Instinctive drift occurs when an operant behaviour drifts towards an instinctive behaviour (Burgos, 2015). Breland and Breland (1961) discuss multiple instances of animals drifting from trained behaviours towards instinctive behaviours. For example, pigs selecting to root rather than completing the positively reinforced behaviour (placing discs into a piggybank) they had been trained to do, and chickens pecking at objects rather than completing the operantly conditioned behaviour. Breland and Breland (1961) discuss how instinctive drift causes a breakdown of learning theory as it applies to positive reinforcement. Similar findings have been discussed by Bitterman (1975) and Boakes et al. (1978); however, considering that each example of instinctive drift that Breland and Breland (1961) encountered involved food acquisition, the phenomena may be an example of how classical and operant conditioning are intrinsically linked; just as dogs may be conditioned to drool at the sound of a bell (Domjan, 2005), the association between a behavioural cue and food may trigger innate, food related, species specific, behaviours; for example, rooting and pecking (Burgos, 2015). The innate responses are unlikely to be followed by reinforcement, because they are not the required (by the trainer) behaviours; therefore, the cue may condition a negative emotional response (due to frustration) rather than a positive emotional response. The phenomena of instinctive drift demonstrates the need to provide captive animals with outlets to express normal behaviour patterns as stipulated in the five freedoms of the Farm Animal Welfare Council (2012) and raises ethical concerns where this is not provided.
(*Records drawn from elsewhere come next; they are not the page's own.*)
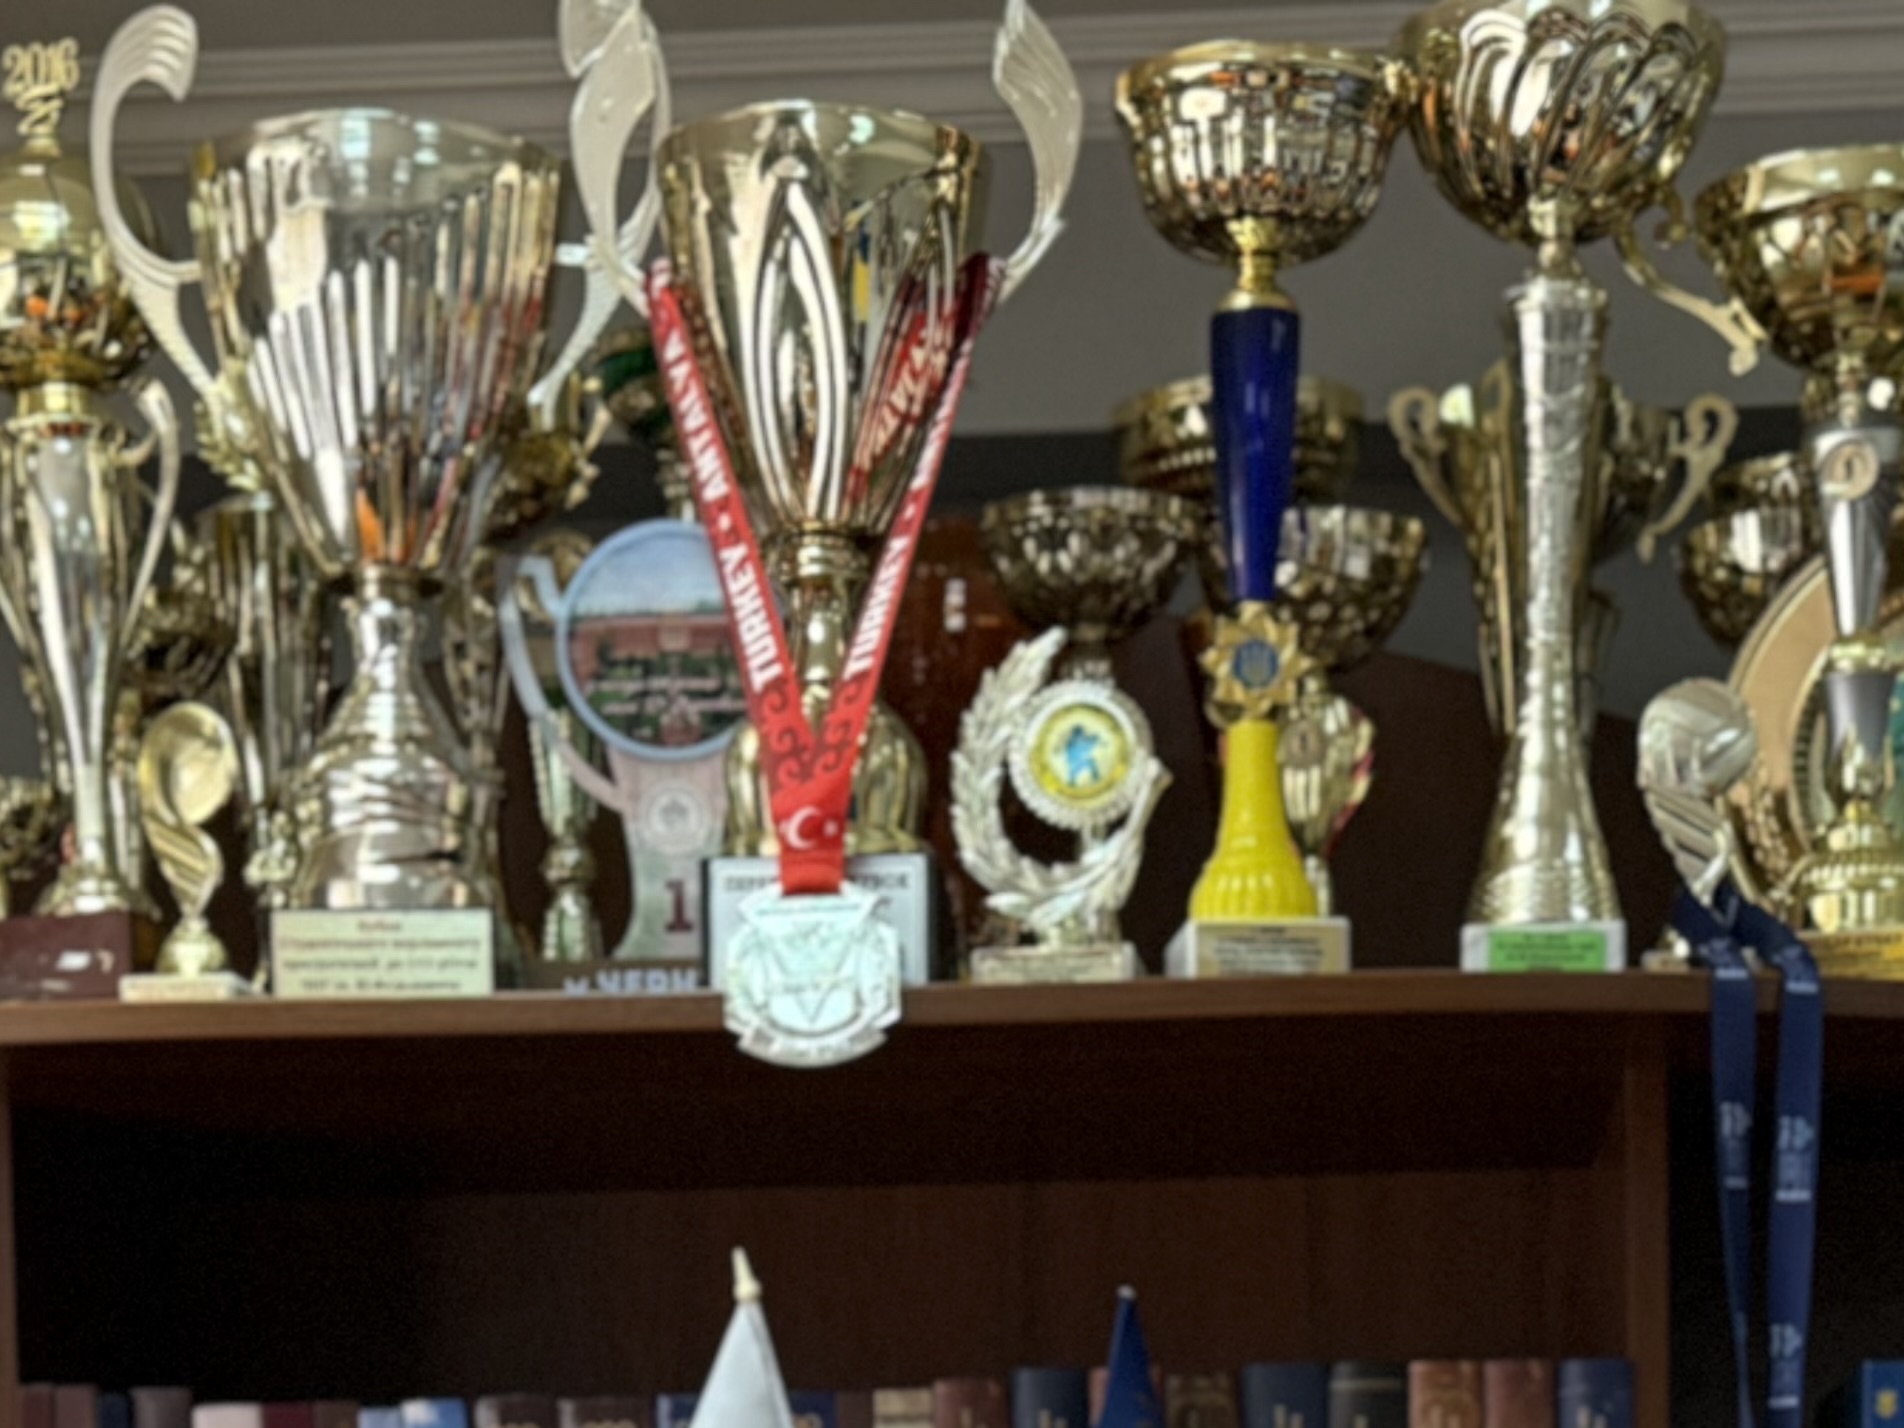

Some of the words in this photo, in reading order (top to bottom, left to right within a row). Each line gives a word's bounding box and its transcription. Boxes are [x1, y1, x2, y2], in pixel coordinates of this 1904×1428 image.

[660, 331, 730, 504] ANTALYA
[719, 543, 784, 694] TURKEY
[842, 534, 910, 681] TURKEY
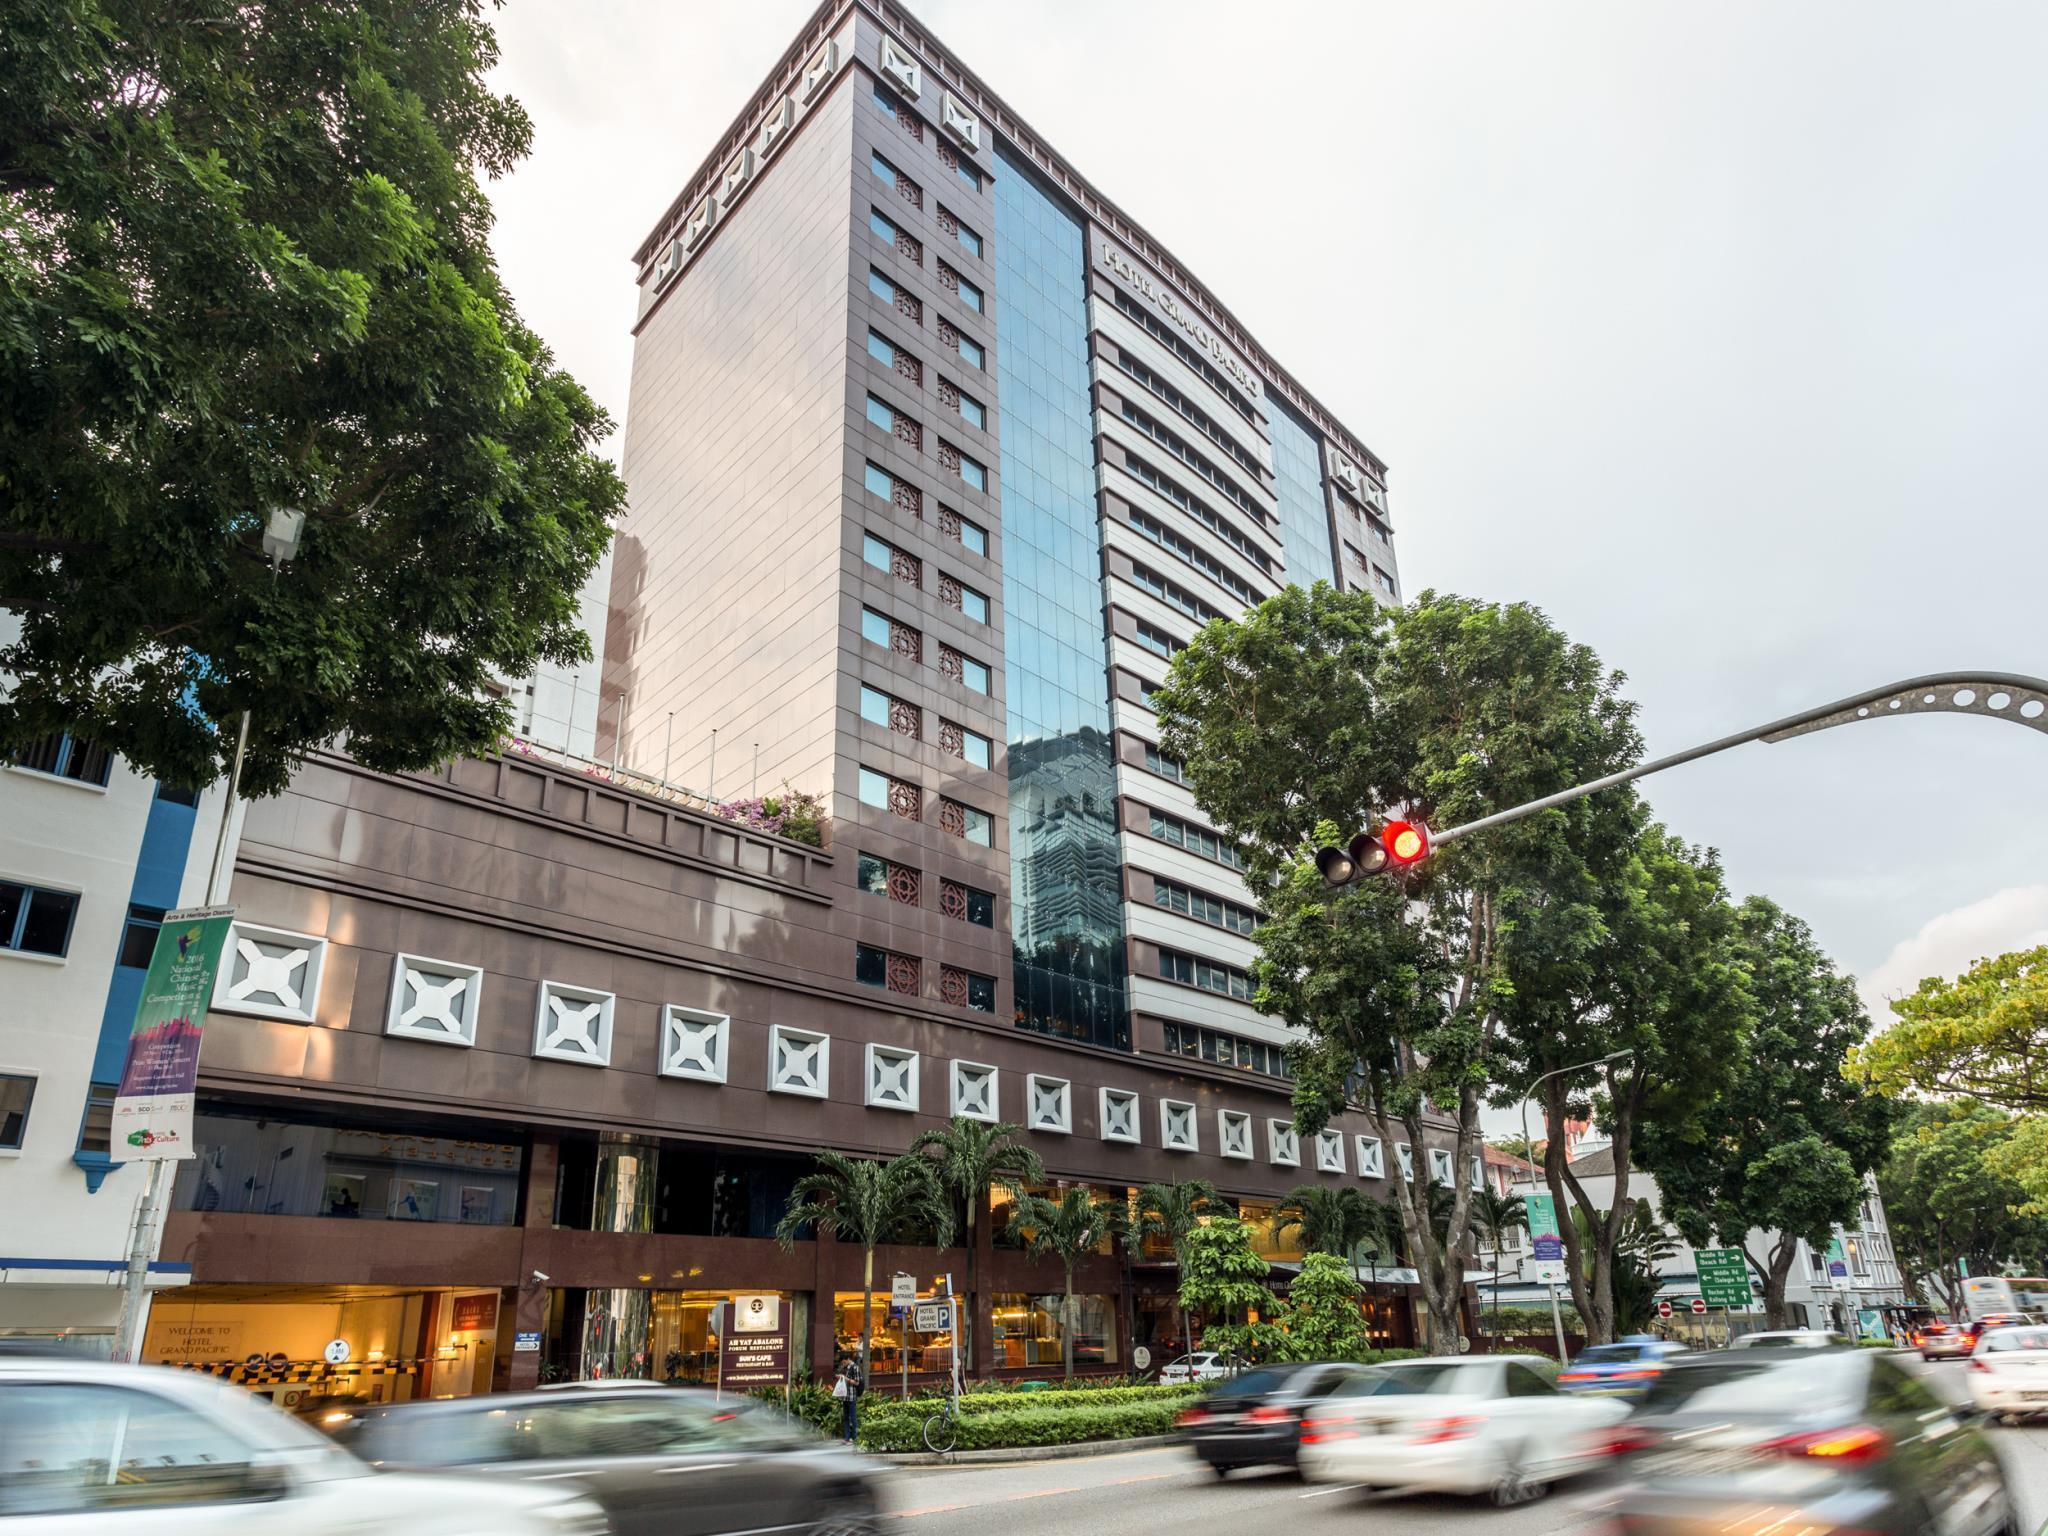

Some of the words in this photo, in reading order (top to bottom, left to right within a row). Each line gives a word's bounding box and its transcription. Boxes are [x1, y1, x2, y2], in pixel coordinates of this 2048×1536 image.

[1102, 243, 1156, 303] HOTEL
[1157, 292, 1208, 349] GRAND
[170, 963, 202, 974] National
[147, 991, 194, 1004] Competition
[938, 1309, 948, 1326] P
[160, 1346, 194, 1355] GRAND
[194, 1345, 230, 1354] PACIFIC
I’m sure there are many more examples you could think of, but the point is, we shouldn’t assume that a reinforcer is always a reinforcer.
References available on request.
5 thoughts on “When is a reinforcer not a reinforcer?”
Thankyou for this 🙂
Thank you so much for this. So interesting. Is it possible that instinctive drift is caused by the animal finding a natural behaviour more intrinsically reinforcing than the conditioned operant behaviour, rather than possibly being triggered by the use of food as a positive reinforcer? The natural behaviour would then end up being reinforced by the trainer stopping the training reinforcement as there isn’t a trained behaviour to reinforce. That would then make the rooting/ pecking more likely to happen again.
Hi Carol, yes indeed and I have given a similar arguement for it in the past. I think maybe the real difference though is the intrinsic value of the rooting compared with a trained behaviour and also we may be triggering food related model action patterns, or similar. I think both arguements hold water and are interesting to consider.
Please could I have a list of the references
Hi Sue, please use the contact form to give me an email address and I’ll send it.